Its grape variety distribution is c. 55% Merlot, 35% Syrah and 10% Sangiovese, aged in somewhat used barriques for 12 months followed by several months of bottle aging before release. It is classified IGT Toscana IGT.

  - Magari
The estate's second wine, the name may translate to "perhaps" or "if only" and is from fruit grown in a combination of terre brune and terre blanche, white soils with stones and pebbles.

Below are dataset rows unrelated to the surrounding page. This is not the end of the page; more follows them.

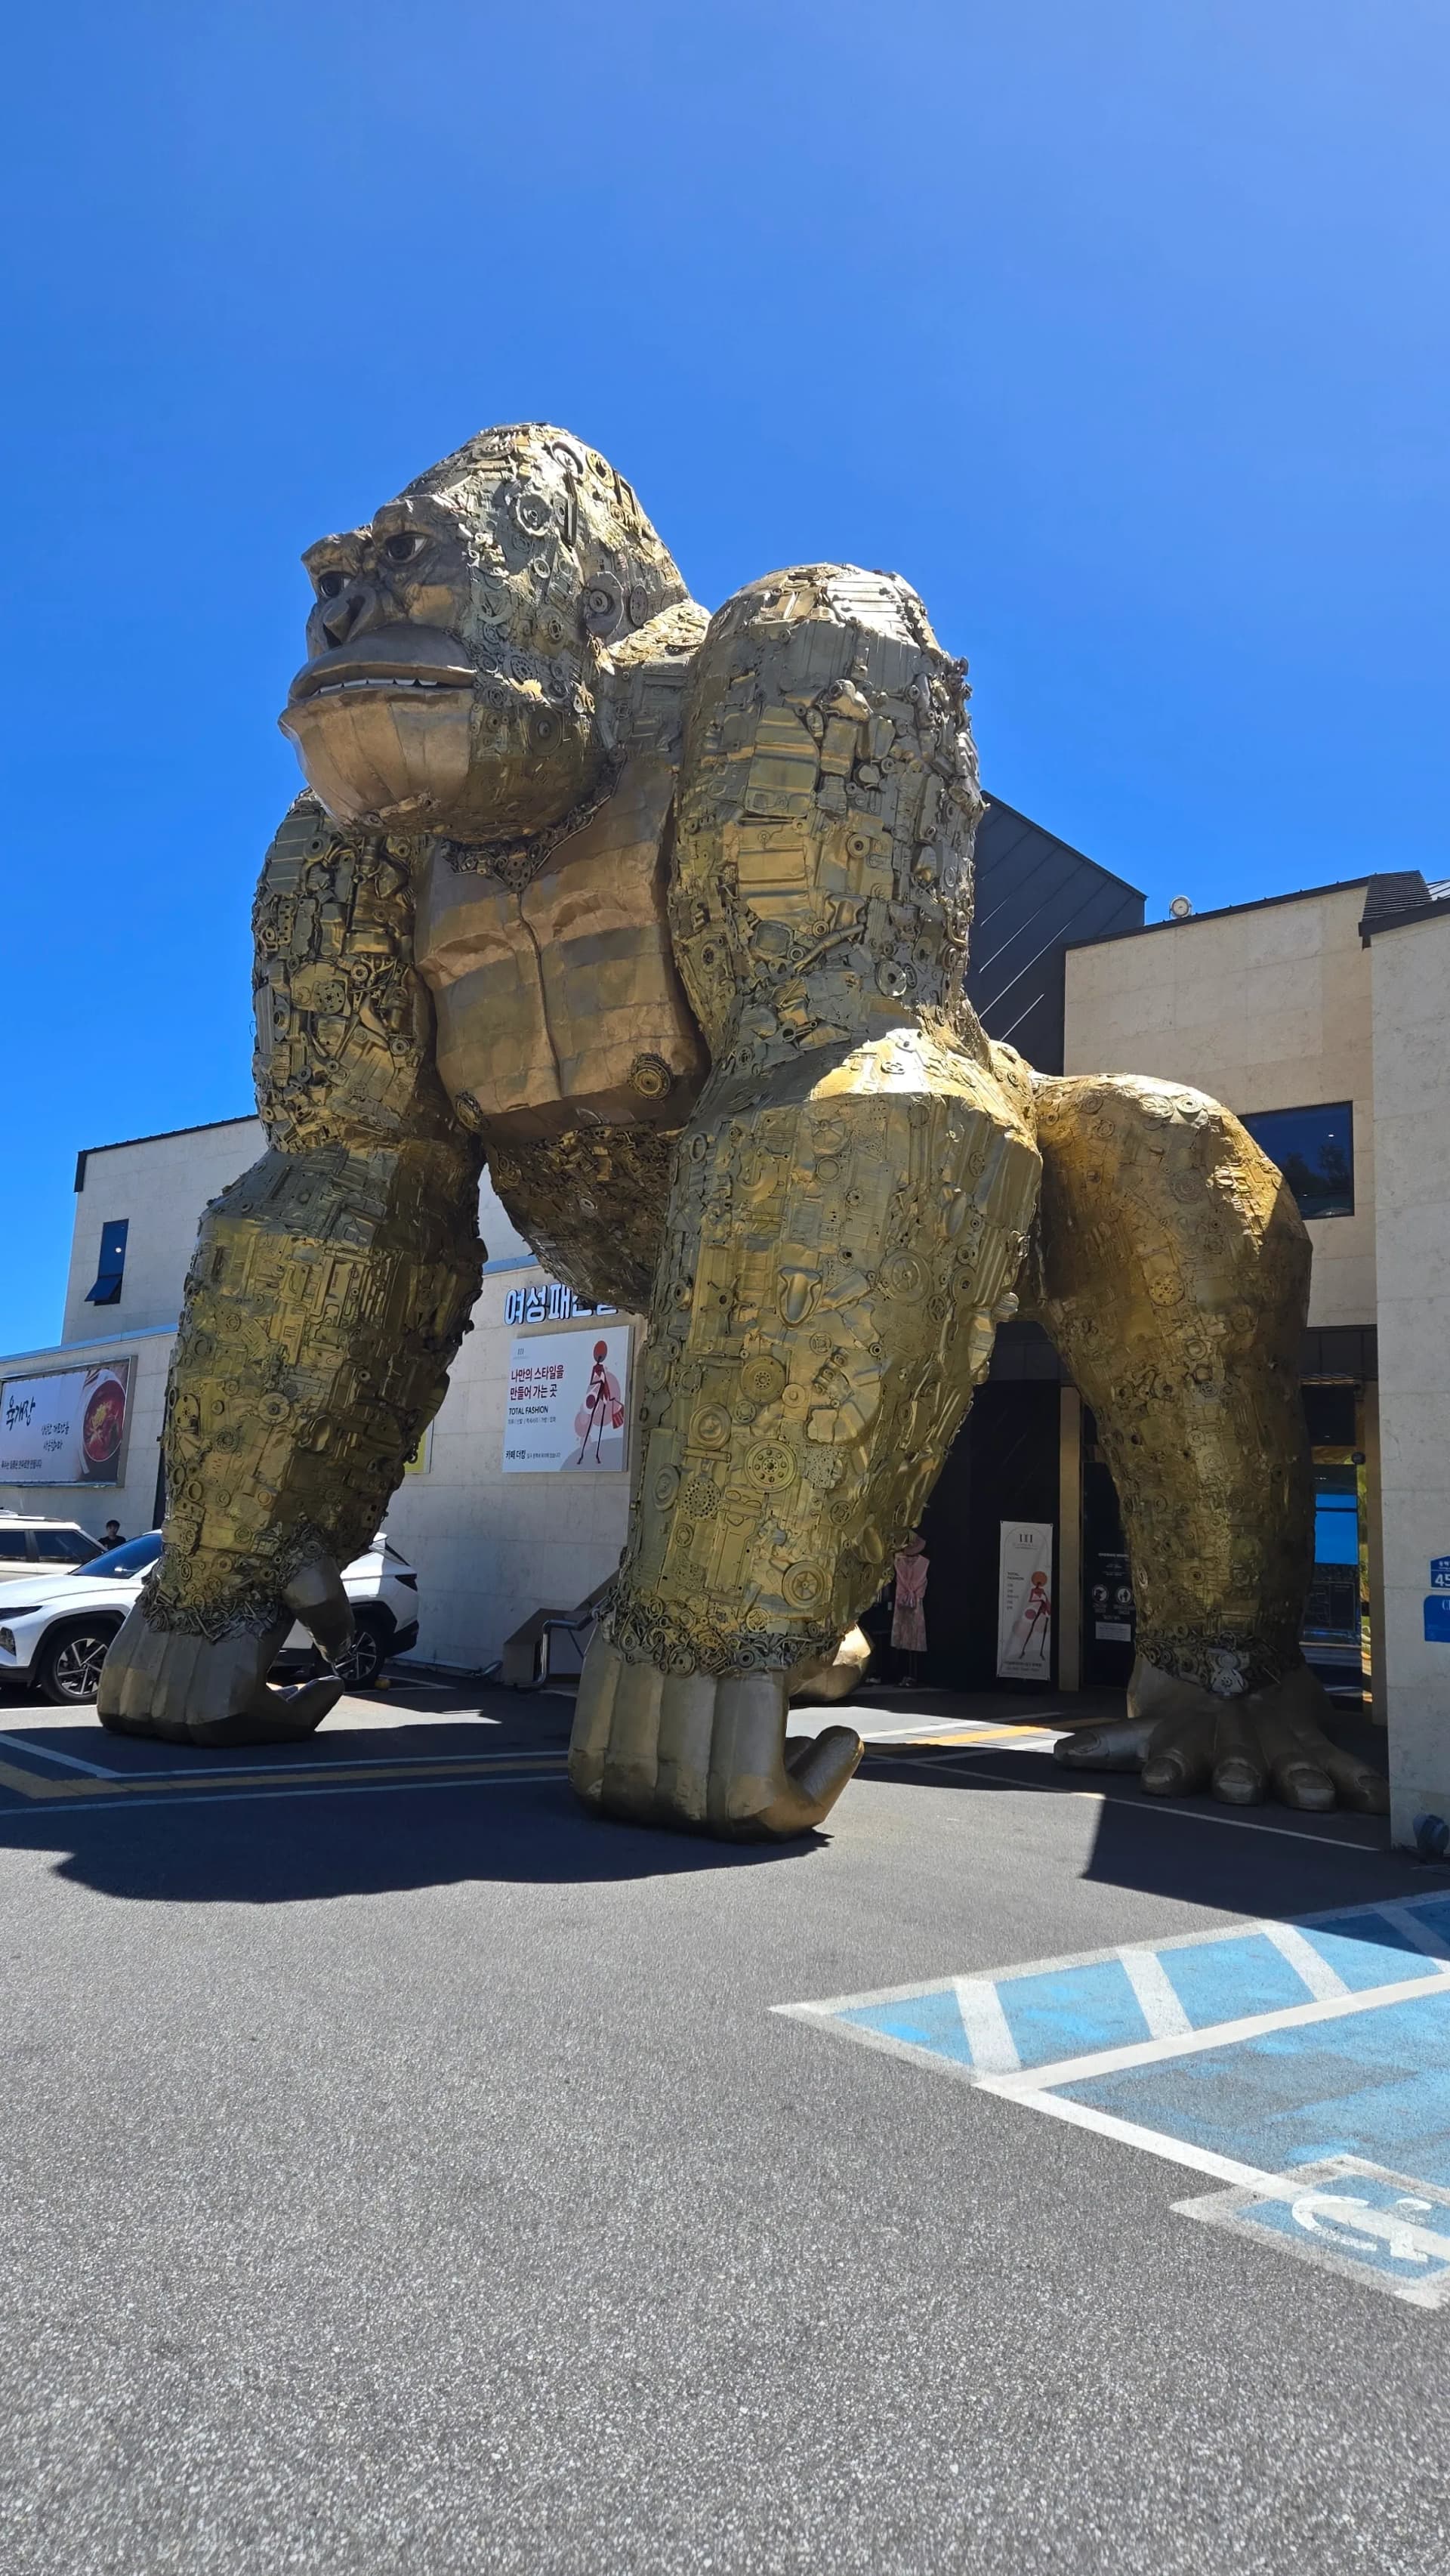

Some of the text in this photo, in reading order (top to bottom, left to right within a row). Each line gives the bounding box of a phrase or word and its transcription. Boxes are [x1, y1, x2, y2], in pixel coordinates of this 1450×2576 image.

[511, 1364, 564, 1382] 나만의 스타일을
[510, 1383, 558, 1401] 만들어 가는 곳
[6, 1395, 35, 1431] 육개장
[508, 1406, 548, 1416] TOTAL FASHION
[505, 1450, 516, 1460] 카페
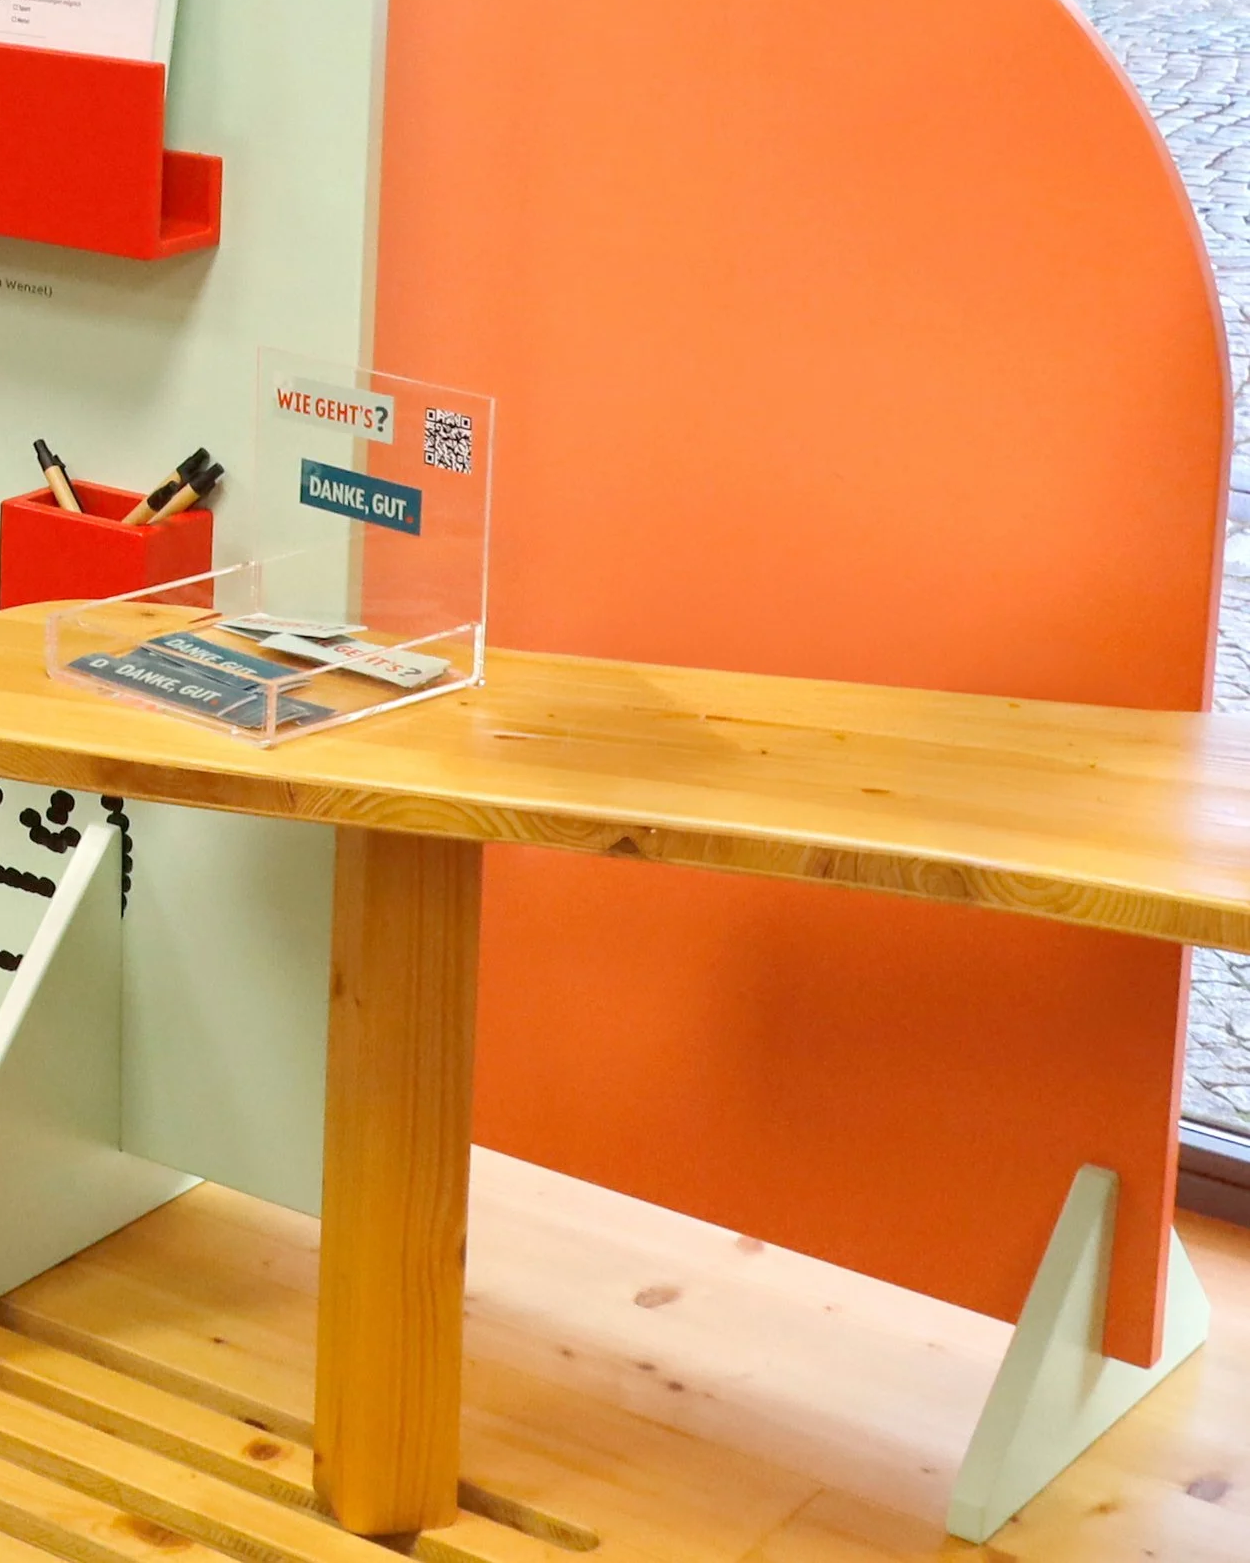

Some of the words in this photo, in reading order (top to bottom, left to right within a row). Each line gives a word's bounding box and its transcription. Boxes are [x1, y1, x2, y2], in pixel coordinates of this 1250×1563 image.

[5, 278, 53, 298] Wenzel)
[277, 388, 311, 415] WIE
[308, 474, 369, 515] DANKE,
[372, 498, 414, 524] GUT.
[220, 660, 259, 677] GUT
[115, 664, 181, 693] DANKE,
[179, 685, 223, 706] GUT.

Its grape variety distribution is c. 50% Merlot, 25% Cabernet Sauvignon, 25% Cabernet Franc, aged in new and somewhat used barriques for 18 months followed by no less than six months of bottle aging. It is classified IGT Toscana [[Gaja (wine)#cite note-23|[23]]][[Gaja (wine)#cite note-23|[23]]][[Gaja (wine)#cite note-23|[23]]][[Gaja (wine)#cite note-23|[23]]][23].

  - Camarcanda
The name, from the winery name Ca’Marcanda, is a Piedmontese term for "house of endless negotiations", in reference to long-lasting period it took to persuade the previous owners to sell the estate. The vineyard is from one of the stoniest sites of the Ca'Marcanda estate, 100% terre bianche.

Its grape variety distribution is c. 50% Merlot, 40% Cabernet Sauvignon, 10% Cabernet Franc, aged in new and somewhat used barriques for 18 months followed by at least twelve months of bottle aging. It is classified Bolgheri DOC

  - Vistamare
The white wine produced in the Ca'Marcanda estate, it is a savory, floral blend of both Italian and French varieties. The blend is composed of 40% Vermentino, 40% Viognier, and 20% Fiano. The climate of coastal Tuscany allows the common Southern French grape Viognier to ripen fully, while receiving vital acidity from the traditional Italian blending grapes. The name evokes the typical maritime vista of the central Italian coast, yet it is the freshness and vitality of the wine which supports the name, not the location of the vineyard sites, which lie over six miles from the ocean.